Esta minuta será tema de análisis y discusión en el Pleno camaral, durante el Tercer Período Extraordinario, en la sesión del 25 de julio próximo; de acuerdo al documento, se establece los mecanismos para que las autoridades administren y moneticen los bienes sujetos al proceso de extinción de dominio, incluidos sus productos, rendimientos, frutos y accesorios.

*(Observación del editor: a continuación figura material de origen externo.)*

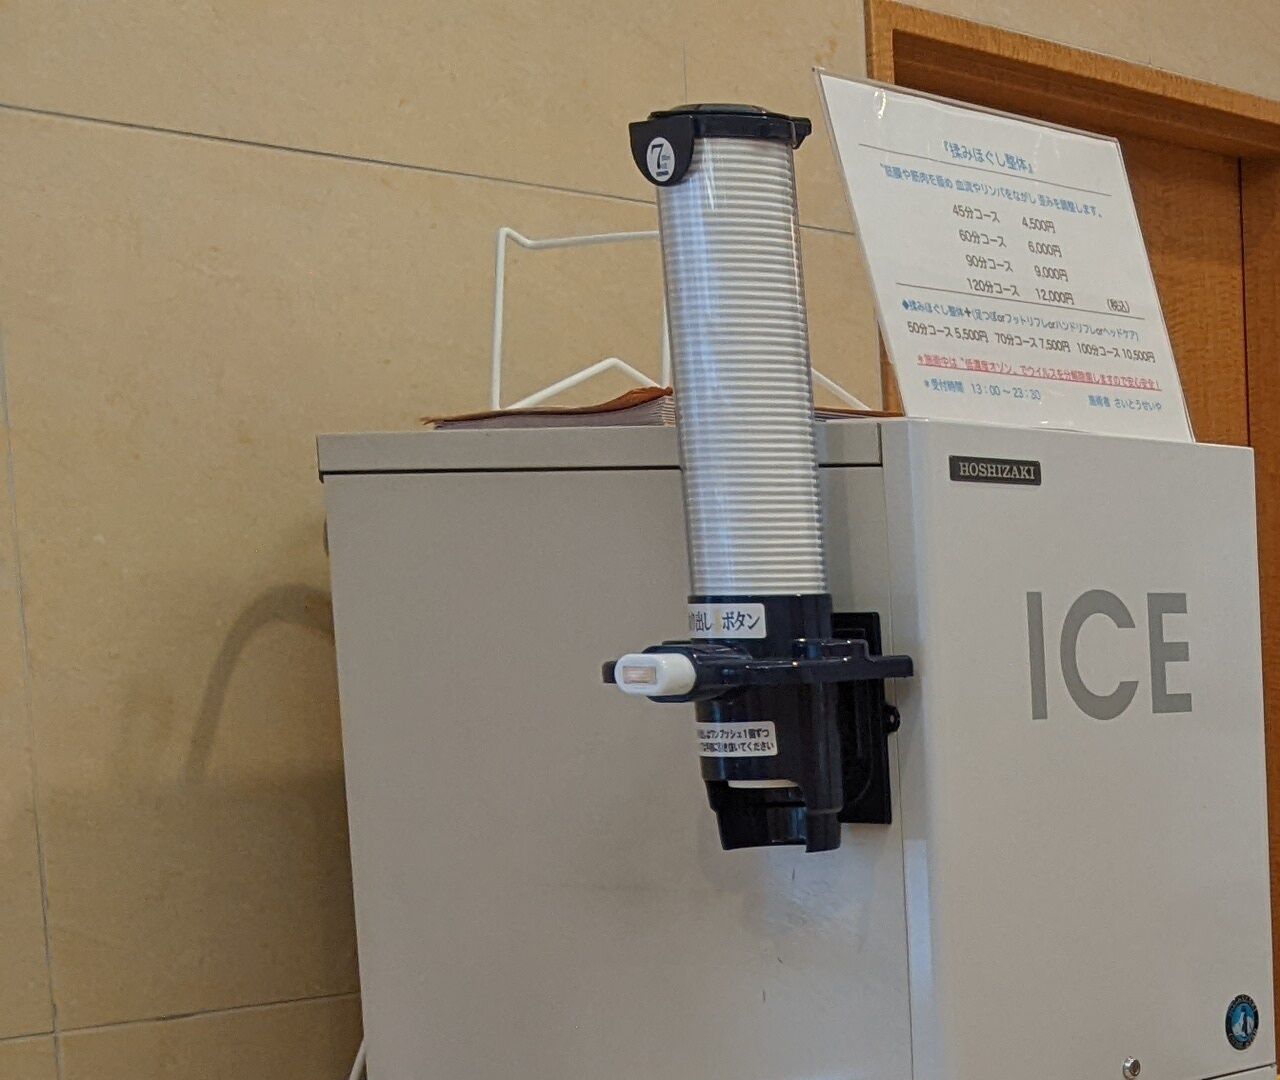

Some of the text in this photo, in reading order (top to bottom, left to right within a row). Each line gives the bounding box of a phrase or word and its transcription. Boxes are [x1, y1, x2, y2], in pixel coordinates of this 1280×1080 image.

[958, 461, 1036, 481] HOSHIZAKI
[721, 610, 761, 632] ボタン
[1026, 589, 1193, 721] ICE

Entre los delitos susceptibles de esa extinción, se mencionan el secuestro; delincuencia organizada; los cometidos en materia de hidrocarburos, petrolíferos y petroquímicos; contra la salud; trata de personas; por hechos de corrupción; encubrimiento; los perpetrados por servidores públicos; robo de vehículos; recursos de procedencia ilícita, y extorsión.

Lo anterior quiere decir que el Gobierno federal podrá disponer de los bienes que sean incautados a quienes cometan alguno de los ilícitos antes mencionados, para administrarlos, venderlos y disponer de los recursos obtenidos por ello.

El documento precisa que, el Fiscal General de la República, en su carácter de presidente de la Conferencia Nacional de Procuración de Justicia, presentará anualmente al Senado un informe sobre el número de juicios, sentencias, valor estimado de los bienes y los ingresos obtenidos por su venta y el destino de los recursos obtenidos.

La extinción de dominio es la pérdida de los derechos que tenga una persona en relación con bienes, declarada por sentencia de la autoridad judicial, sin contraprestación, ni compensación alguna para su propietario o para quien se ostente o comporte como tal, ni para quien, por cualquier circunstancia, posea o detente los citados bienes.

Esta acción corresponde al Ministerio Público y se ejercitará a través de un proceso jurisdiccional de naturaleza civil, de carácter patrimonial y con prevalencia a la oralidad; asimismo, detalla el documento que es imprescriptible en el caso de bienes de origen ilícito.

Para el caso de aquellos de destinación ilícita, dicha acción prescribirá en 20 años; además, la muerte de quien se hubiera encontrado sujeto a investigación o proceso penal, no extingue la extinción de dominio, por lo que las consecuencias subsisten aún contra los herederos, es decir, los herederos no podrán recibir ningún bien incautado.

Otro punto importante que plantea esta Ley, es la creación del Registro Nacional de Extinción de Dominio, administrado por la Secretaría Técnica de la Conferencia de Procuración de Justicia en el que las fiscalías inscribirán las demandas de extinción y las sentencias, así como los bienes que comprenden, y en el que podrán consultarlos.